Available data:
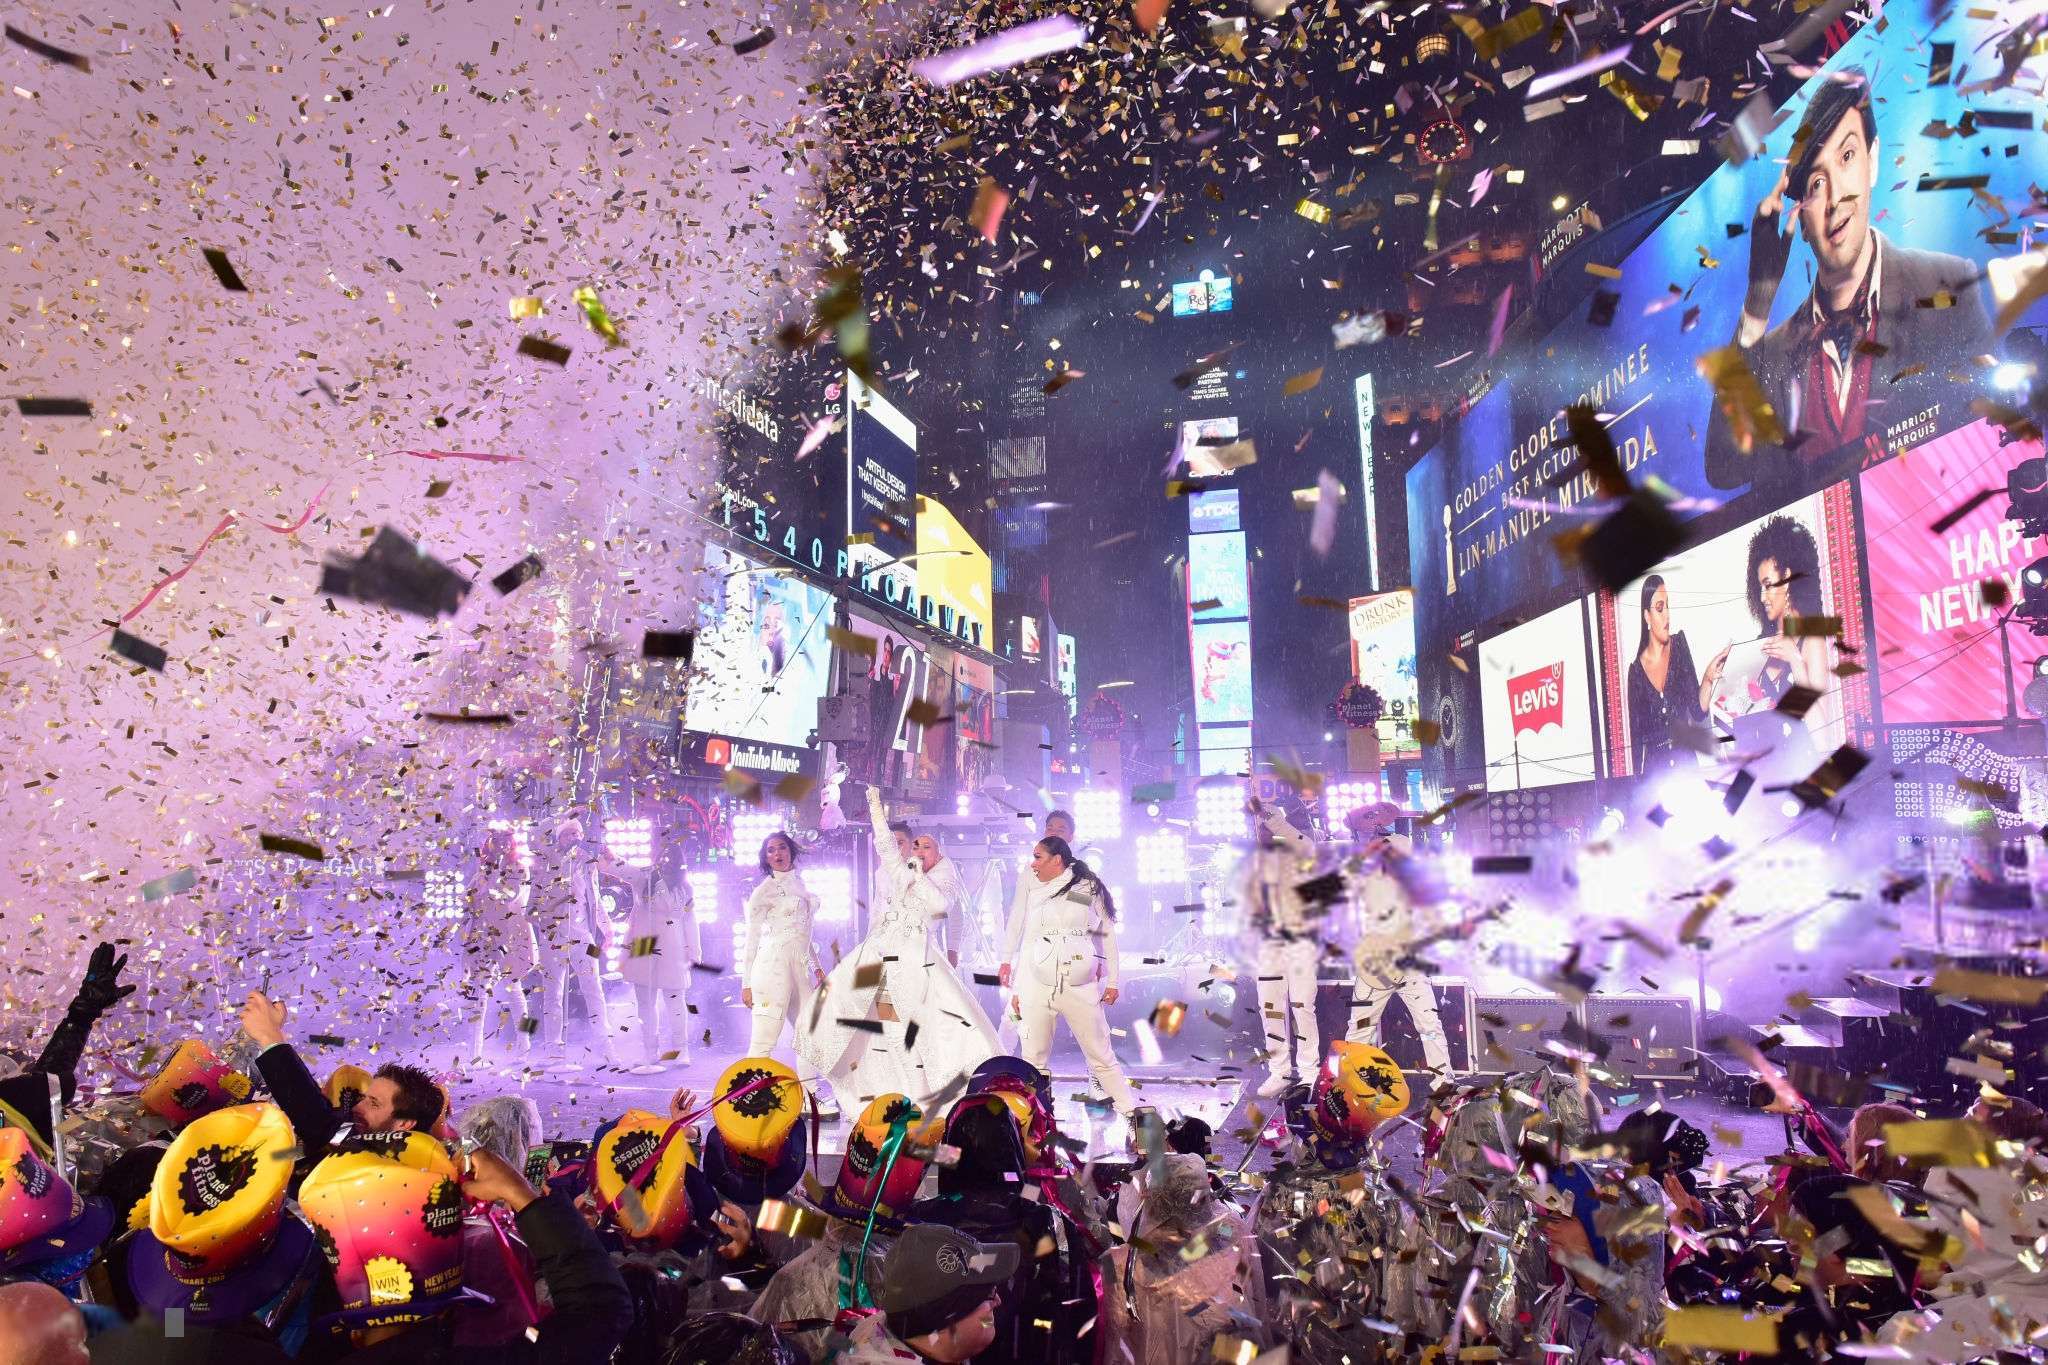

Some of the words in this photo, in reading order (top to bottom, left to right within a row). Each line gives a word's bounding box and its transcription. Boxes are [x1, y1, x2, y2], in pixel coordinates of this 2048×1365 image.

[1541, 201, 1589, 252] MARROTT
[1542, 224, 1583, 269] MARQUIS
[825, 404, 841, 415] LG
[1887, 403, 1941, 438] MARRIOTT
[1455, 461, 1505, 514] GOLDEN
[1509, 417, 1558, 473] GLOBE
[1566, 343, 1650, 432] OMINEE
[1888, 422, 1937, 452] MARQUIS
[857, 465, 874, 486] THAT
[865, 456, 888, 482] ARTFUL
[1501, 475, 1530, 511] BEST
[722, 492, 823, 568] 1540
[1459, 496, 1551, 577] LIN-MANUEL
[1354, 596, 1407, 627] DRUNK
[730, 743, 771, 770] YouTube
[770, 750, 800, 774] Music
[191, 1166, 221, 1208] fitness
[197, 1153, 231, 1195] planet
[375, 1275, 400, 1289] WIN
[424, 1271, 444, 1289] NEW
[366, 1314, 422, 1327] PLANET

Description of the task:
Write every line of the data out again exactly, leaving out all images.

Exercise result:
Some of the words in this photo, in reading order (top to bottom, left to right within a row). Each line gives a word's bounding box and its transcription. Boxes are [x1, y1, x2, y2], in pixel coordinates of this 2048×1365 image.

[1541, 201, 1589, 252] MARROTT
[1542, 224, 1583, 269] MARQUIS
[825, 404, 841, 415] LG
[1887, 403, 1941, 438] MARRIOTT
[1455, 461, 1505, 514] GOLDEN
[1509, 417, 1558, 473] GLOBE
[1566, 343, 1650, 432] OMINEE
[1888, 422, 1937, 452] MARQUIS
[857, 465, 874, 486] THAT
[865, 456, 888, 482] ARTFUL
[1501, 475, 1530, 511] BEST
[722, 492, 823, 568] 1540
[1459, 496, 1551, 577] LIN-MANUEL
[1354, 596, 1407, 627] DRUNK
[730, 743, 771, 770] YouTube
[770, 750, 800, 774] Music
[191, 1166, 221, 1208] fitness
[197, 1153, 231, 1195] planet
[375, 1275, 400, 1289] WIN
[424, 1271, 444, 1289] NEW
[366, 1314, 422, 1327] PLANET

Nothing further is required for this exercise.